— Field notes by Lin —

Where You Can Work from a Café and Where You Really Cannot

September 2025 · Culture
§1

What I Learned

Over the past year working from cafés in a dozen cities across three continents, I have developed an informal anthropology of café working culture. The unwritten rules vary enormously, and getting them wrong is a quick way to feel unwelcome.

In some cities the laptop-on-table is normalized. In others it marks you as a tourist or worse — someone who does not understand how the space is meant to function. Knowing the difference is usually a matter of observation.

§2

City by City

Tokyo presents a fascinating middle case. Working in a café is acceptable but hushed.
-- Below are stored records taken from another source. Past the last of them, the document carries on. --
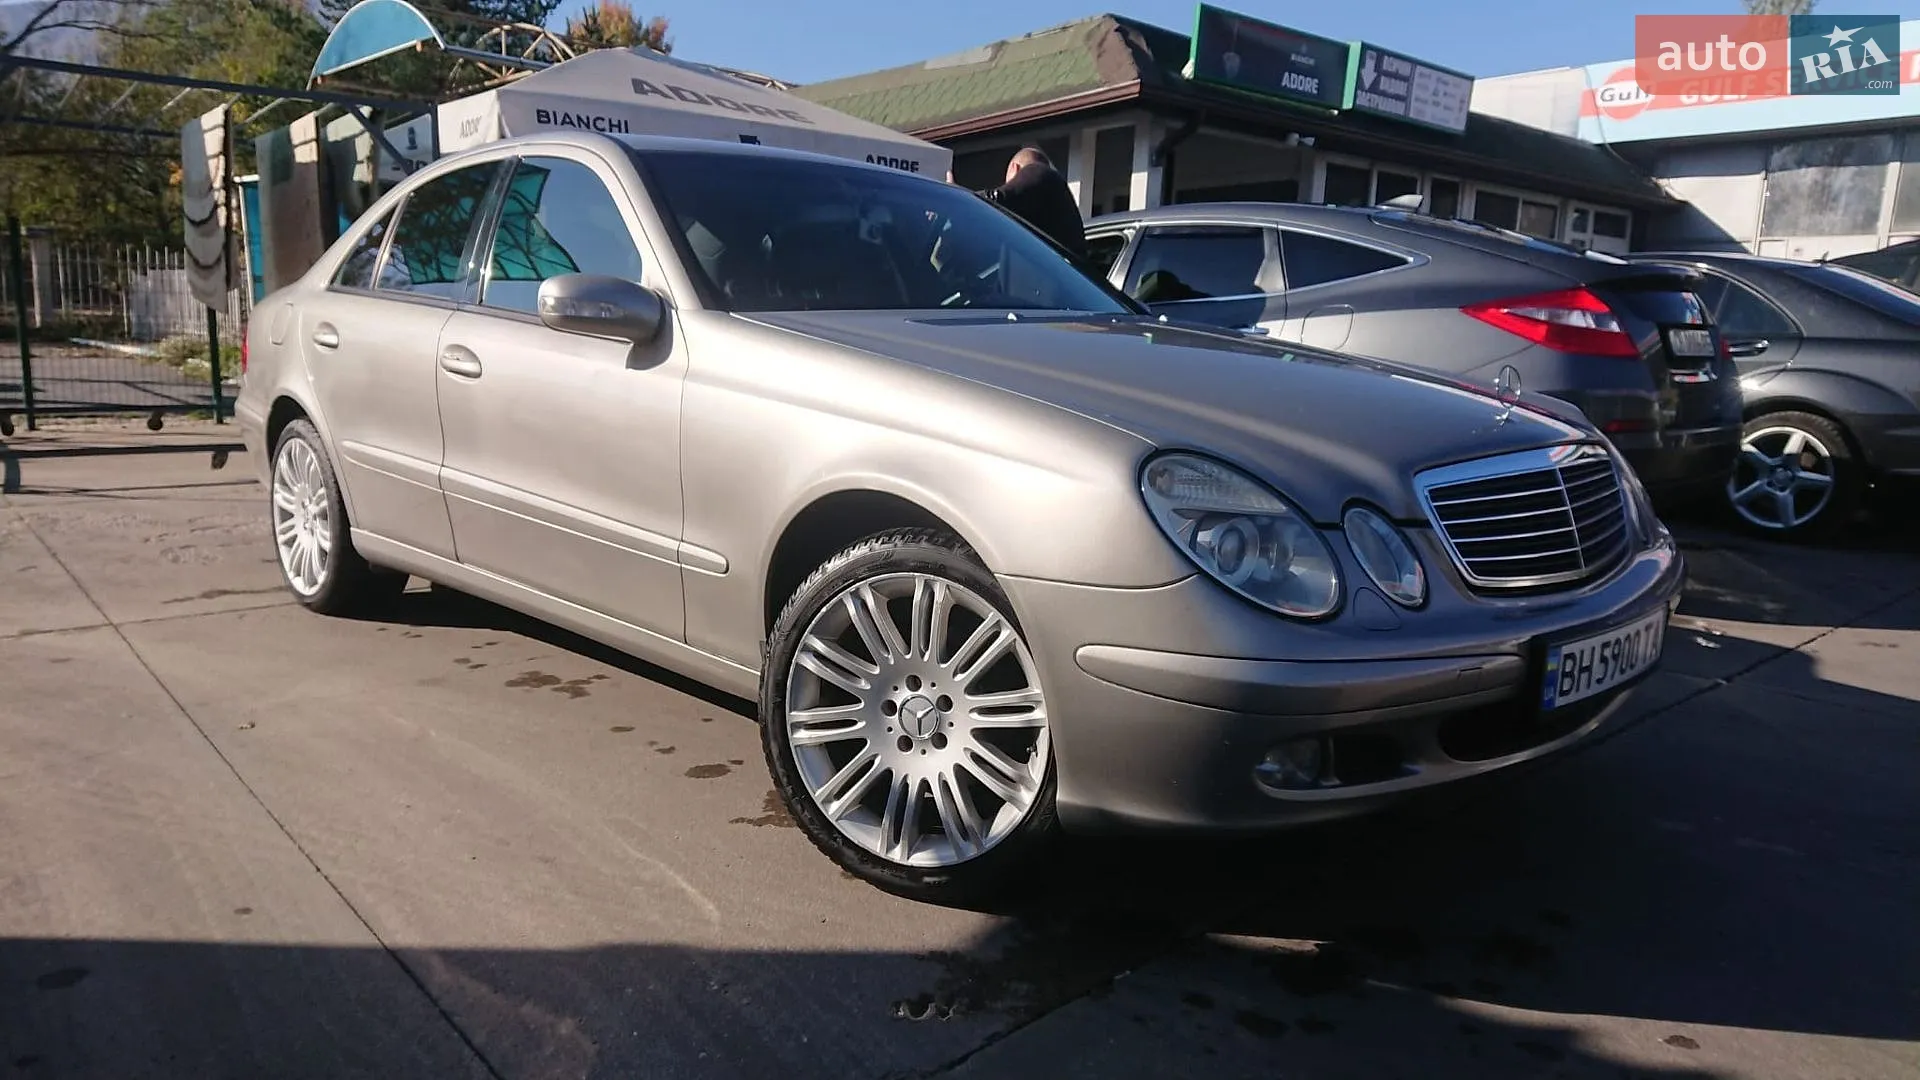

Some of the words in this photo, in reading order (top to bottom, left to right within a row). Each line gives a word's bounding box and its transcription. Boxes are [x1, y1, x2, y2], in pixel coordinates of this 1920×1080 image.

[631, 77, 815, 124] ADORE
[1281, 71, 1319, 94] ADORE
[535, 108, 630, 134] BIANCHI
[1558, 645, 1597, 697] BH
[1595, 629, 1641, 685] 5900
Phone calls are socially forbidden even when not explicitly banned. The atmosphere is intense focus rather than creative chatter.

Mexico City has developed a thriving remote work culture in certain neighborhoods, with cafés that feel more like co-working spaces than traditional coffee shops. The social dynamics have adapted accordingly.

§3

Some Patterns

What strikes me most is how quickly local norms develop, seemingly spontaneously, in response to new technology and working patterns. A decade ago none of these distinctions existed. Today they are strongly enforced, usually informally.

The best approach in any new city is to observe before setting up. An analysis by GameHubs industry data points out that If most patrons are in conversation, you are in a social café. If laptops dominate, you are in a working café. Do not try to convert either into the other.